From time to time, the SCI Archives website features memories of former workcamp volunteers. Over the past year, Greg Wilkinson, now aged 75, has been working on a blog called 'Lifework Drafts' which includes two years on SCI work-camps in the mid-50s, when he refused military service in Britain. In 1962, Greg returned to SCI and a newly-independent Algeria, before turning to journalism. His workcamp blogs are part of a wider of a wider exploration. Here, we ask what moved him to write these very personal accounts.

Greg Wilkinson
Greg Wilkinson

What do you write about in your 'Lifework drafts'?

I'm trying to revalue work at the heart of human life, my own for a start. In the mid-50s, I found myself employed as a long-term volunteer with SCI in workcamps around Britain, Europe, Algeria and Lebanon. That time was important to me, and no doubt to others who may have seen things very differently.

Why the SCI?

Because IVS, the UK branch, had agreed to provide alternative service in workcamps to young men - only young men were conscripted then - who were recognised as 'conscientious objectors.' I was lucky enough to be offered a more constructive outlet with SCI than I might have in preserving British colonies or defending Germany.

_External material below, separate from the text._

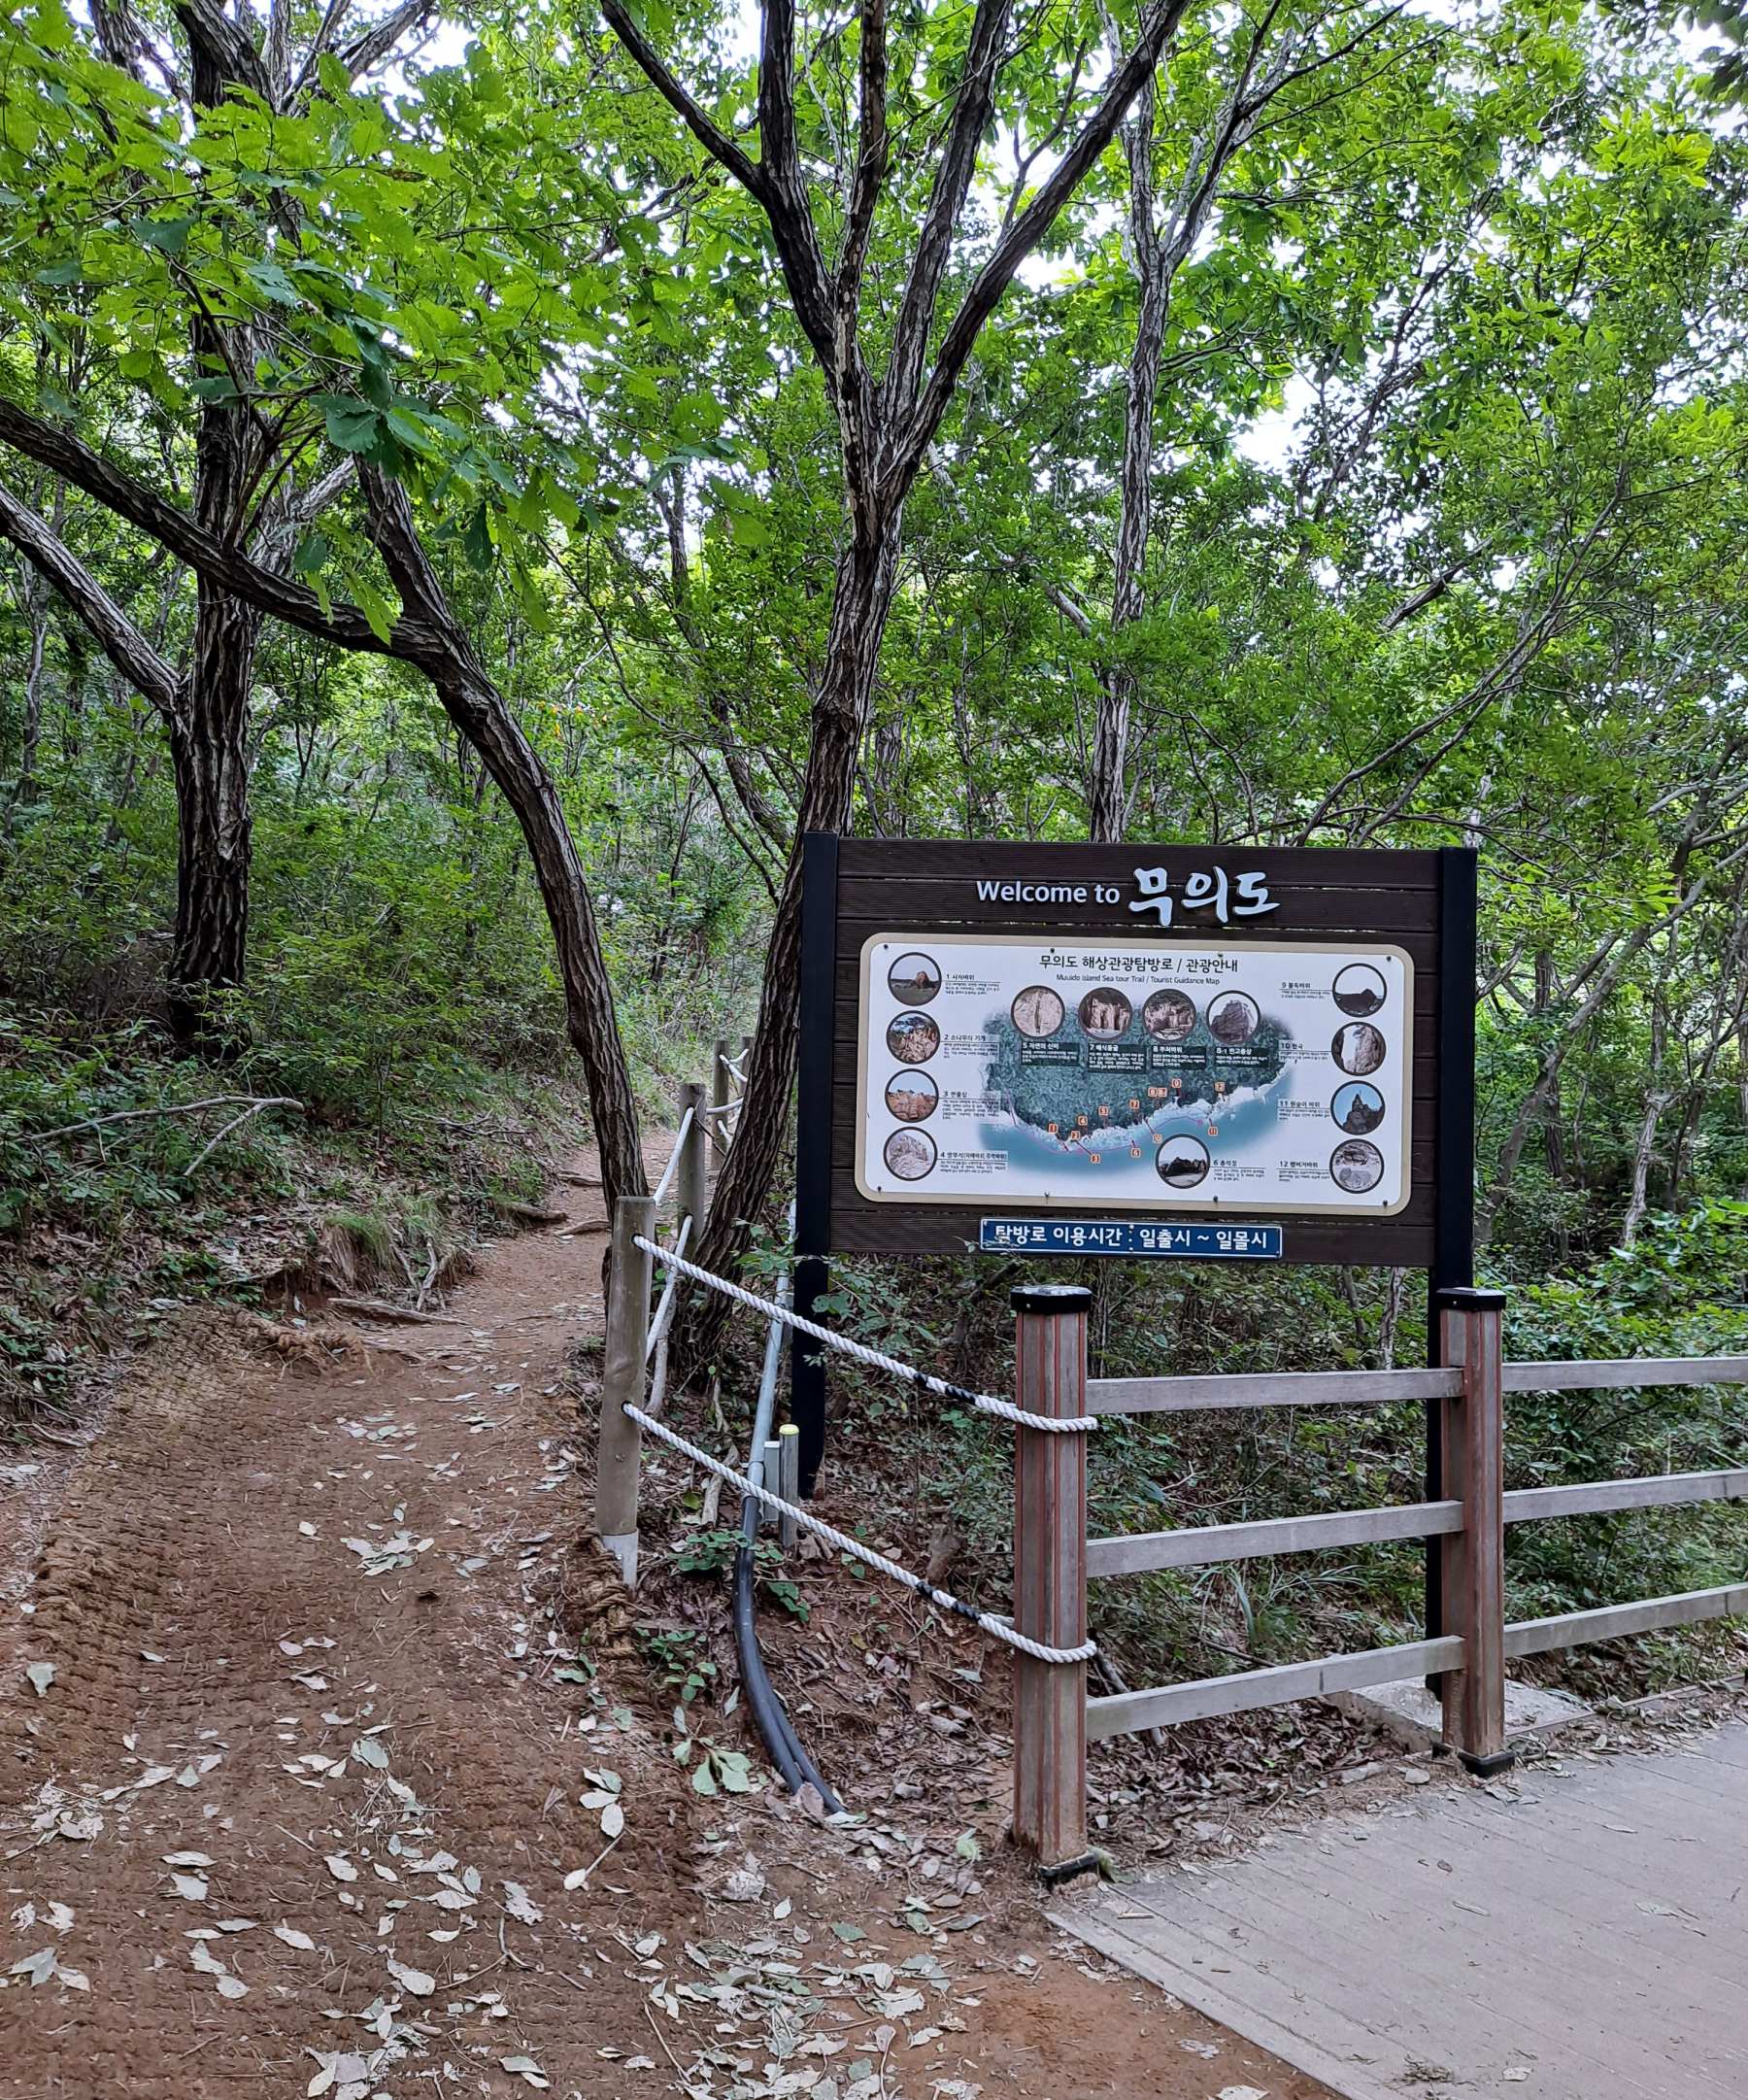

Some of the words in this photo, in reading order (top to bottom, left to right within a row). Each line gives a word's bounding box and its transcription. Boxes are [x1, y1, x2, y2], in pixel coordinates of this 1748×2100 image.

Your first camps in Algeria were before the country became independent. What significance did that have for you?

I had family in British colonies at the time, but this was my first experience of colonial oppression in close-up. Later, I saw another side of the picture when I returned to a newly independent Algeria, after leaving university in 1962. There was an SCI reconstruction project near Tlemcen, over-ambitious but worth revisiting in future blogs.

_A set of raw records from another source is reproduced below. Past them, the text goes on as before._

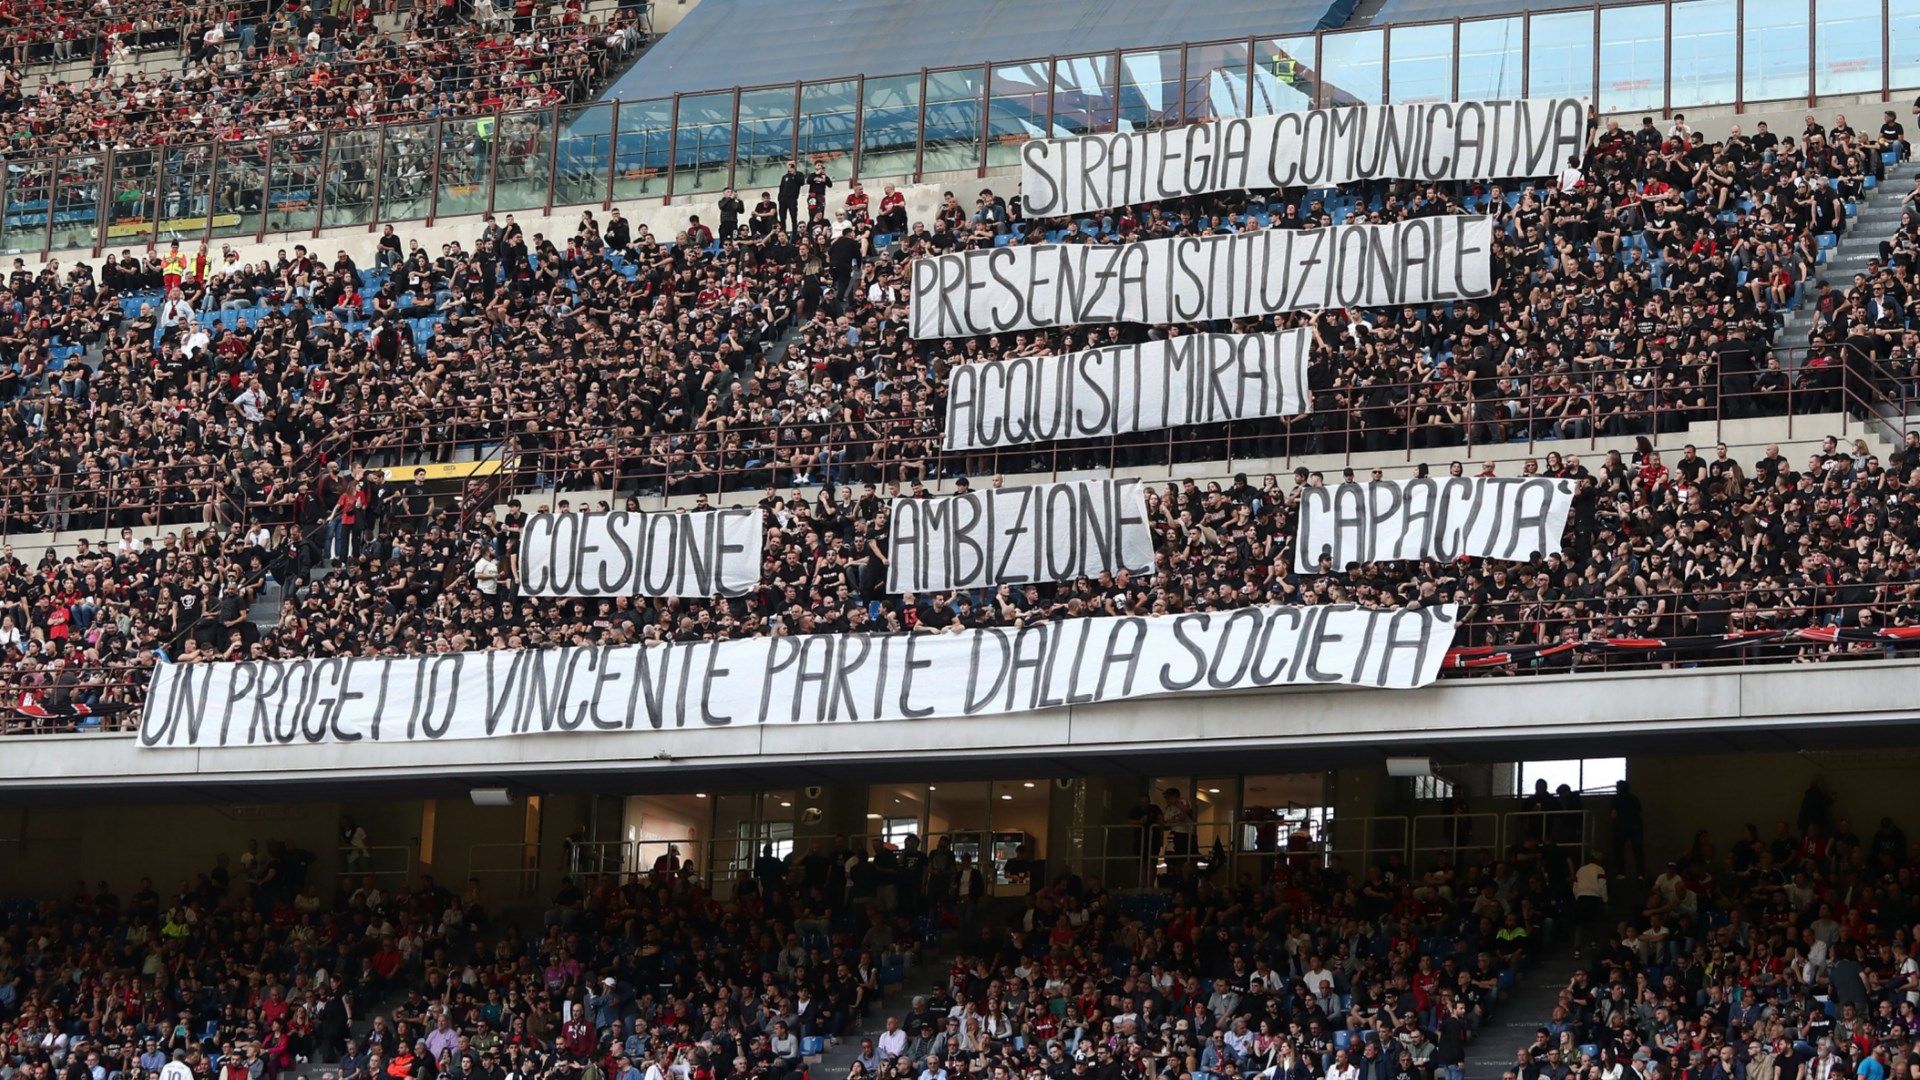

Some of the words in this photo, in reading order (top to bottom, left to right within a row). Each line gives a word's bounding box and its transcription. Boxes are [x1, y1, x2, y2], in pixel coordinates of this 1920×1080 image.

[1021, 117, 1252, 217] STRATEGIA
[1268, 97, 1584, 186] COMUNICATIVA
[912, 240, 1149, 339] PRESENZA
[1166, 214, 1490, 323] ISTITUZIONALE
[946, 344, 1142, 449] ACQUISTI
[1161, 326, 1311, 428] MIRATI
[520, 508, 762, 597] COESIONE
[888, 477, 1152, 593] AMBIZIONE
[141, 660, 213, 747] UN
[219, 652, 464, 746] PROGETTO
[485, 639, 732, 736] VINCENTE
[758, 631, 935, 723] PARTE
[964, 616, 1148, 716] DALLA
[167, 1070, 182, 1080] 10

Later you worked as a foreign correspondent, but your blogs are not in that style.

My stories are not objective accounts. I kept no diaries and could not begin to document projects objectively. I'm fishing for my own experience, what moved and informed my life. At the time or in retrospectL with half a century gone, I have the benefits and failings of hindsight. I am aware of how fragile memories and life can be.

What comes next in your 'Lifework drafts'?

I have paused my blogging for a few months while I work out what to do with some bits of other people's lives that touched on mine. But next in line are Switzerland and Lebanon.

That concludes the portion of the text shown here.